What you need to know (and what it means).


Five things you need to know to stay ahead of the pack on Wall Street.

1. Boomerdang! Effect

A new Federal Reserve study suggests the U.S. economy will have to decelerate much more over the next decade than most now expect, according to Bloomberg.

  • The study, set to be be published in July, finds that the retirement of Baby Boomers will force far-reaching adjustments in the way the economy works.
  • According to the study, forecasts for everything from growth and employment to corporate profits and interest rates will have to be recast.
  • The study projects what the authors call a "conservative'" 3 percentage-point decline over the next 10 years in the labor force participation rate - the percentage of people who are either working or looking for work.
  • Social Security, on the other hand, forecasts a more modest participation rate decrease of 1.1 percentage points in the next 10 years.
  • Labor tightening due to a slowdown in workforce growth will create a loss of .3% from last decade's average GDP growth of 3.3%*, the study says.
  • According to Bloomberg a .3% difference in the $12 trillion U.S. economy comes to $360 billion over a decade.
  • To simplify this figure and put it in perspective, suppose you make $120,000 a year and carry the bulk of it around in your pocket in loose change. (Look at the deep pockets on you, big spender!) Imagine that when you go home each night and faceplant after work, some of your change spills out and falls deep into the couch, a dollar in change to be exact. This happens almost every day for 10 years. Over a 10 year period, you will have lost about $3,600 in your couch.
  • Translated into "economics," this means the faceplanting U.S. economy is going to be losing about $100,000,000 each day in the couch!
  • On the bright side, some unsuspecting re-upholsterer is going to get very, very lucky.
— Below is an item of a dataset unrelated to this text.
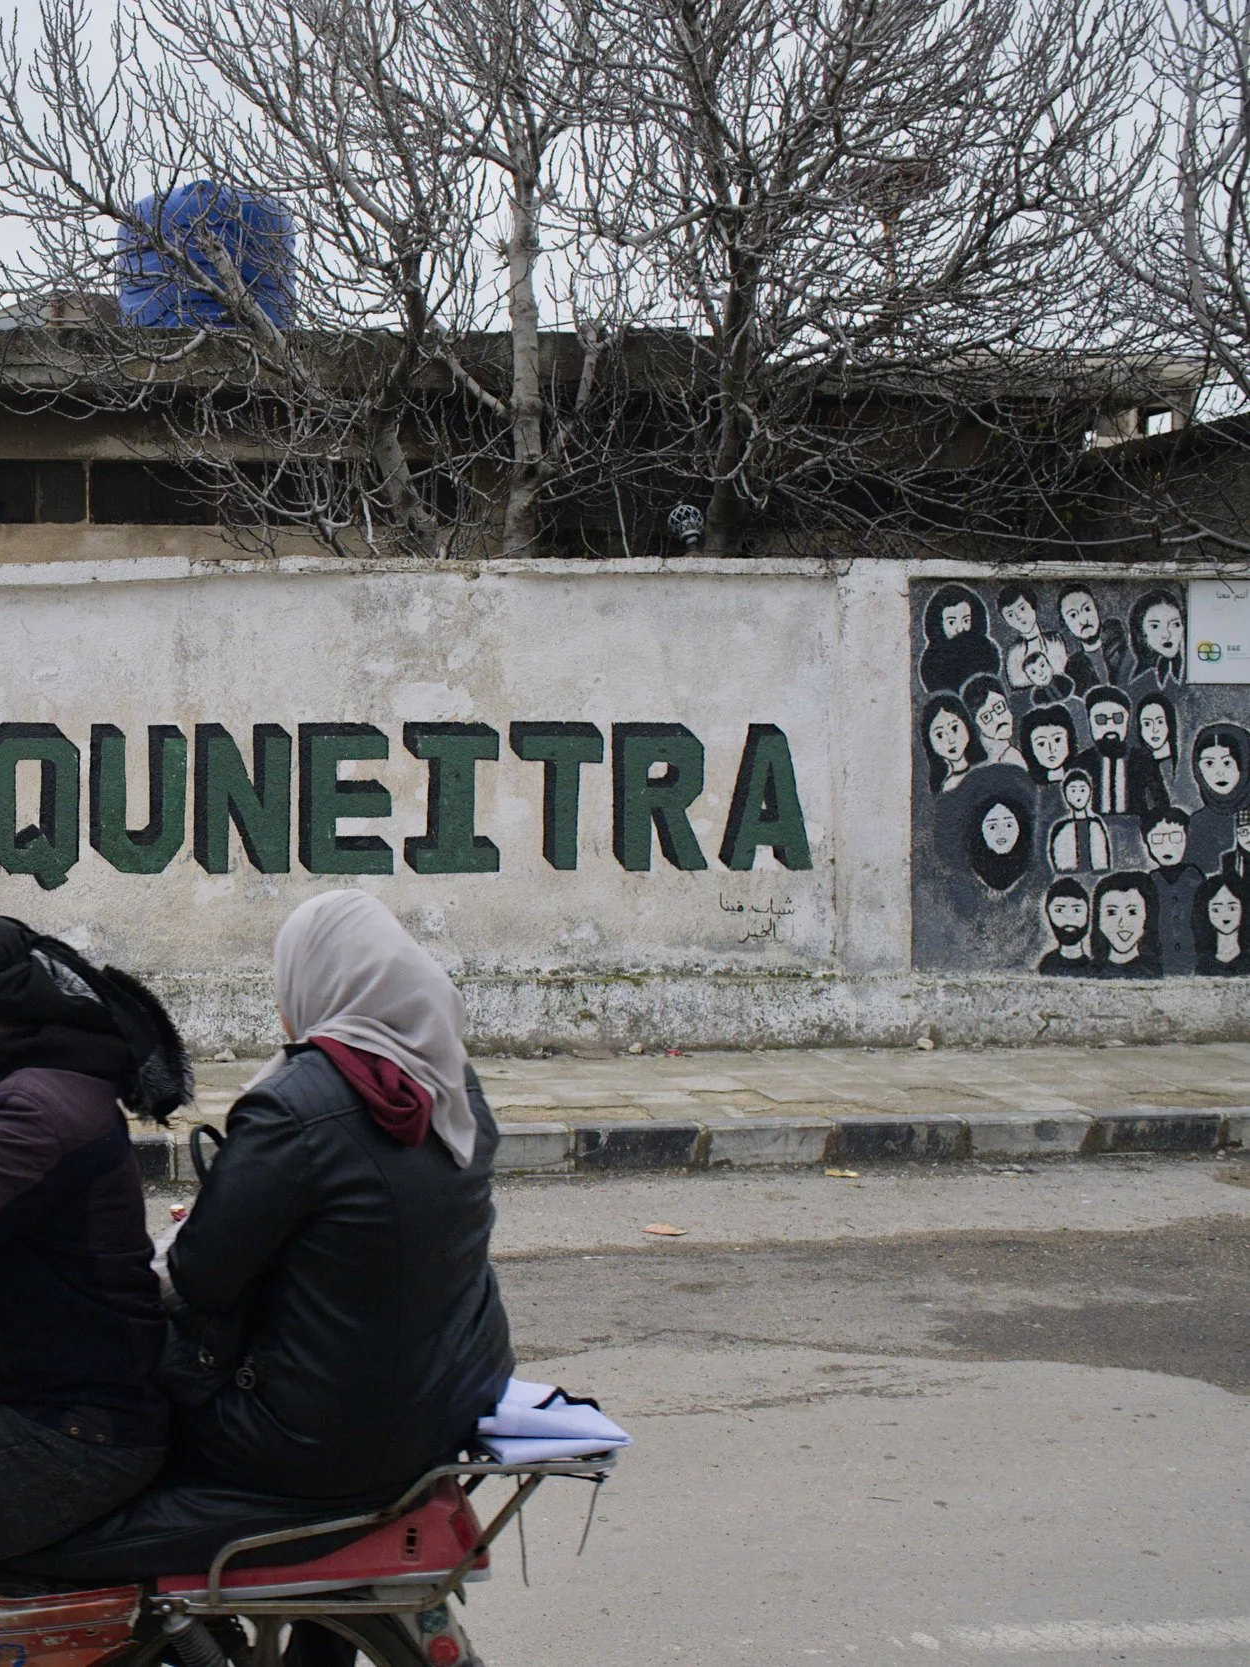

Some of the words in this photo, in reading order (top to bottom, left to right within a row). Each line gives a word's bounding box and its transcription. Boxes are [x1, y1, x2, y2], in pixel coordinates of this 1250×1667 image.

[720, 892, 744, 916] فينا
[751, 896, 795, 919] شباب
[737, 918, 776, 943] الخير
* (Past performance does not predict future results.)

2. Still More Boomerdang! Effect

Proposed changes to the way US companies account for pension obligations could knock an average of 8 percent off the net worth of 100 of America's biggest companies, according to a new study.

  • While Congress is considering rule changes designed to make companies more responsible for the pension promises, a new study by an actuarial firm calculates that companies' pension plans are underfunded by nearly $100,000,000,000.
  • The underfunding comes despite better-than-anticipated investment gains the past three years.
  • Companies earned an average return of 11.3 percent last year against anticipated returns of 8.5 percent.
  • According to the study, just two companies - Berkshire Hathaway and the FPL Group, would see shareholders' equity increase under the new rules based on 2005 figures, the Financial Times said.
  • Although the change to pension reporting would not affect corporate earnings, shares of the most exposed companies are already underperforming, according to Lehman Brothers.

3. "I don't even need a new car. I just wanted the rebate!"

Carlos Ghosn, who runs both French automaker Renault and its Japanese affiliate, Nissan, urged fellow auto executives yesterday to wean themselves from costly incentives, which he said had become "an insidious, confusing carousel" on which the companies could not stop spinning, the New York Times reported.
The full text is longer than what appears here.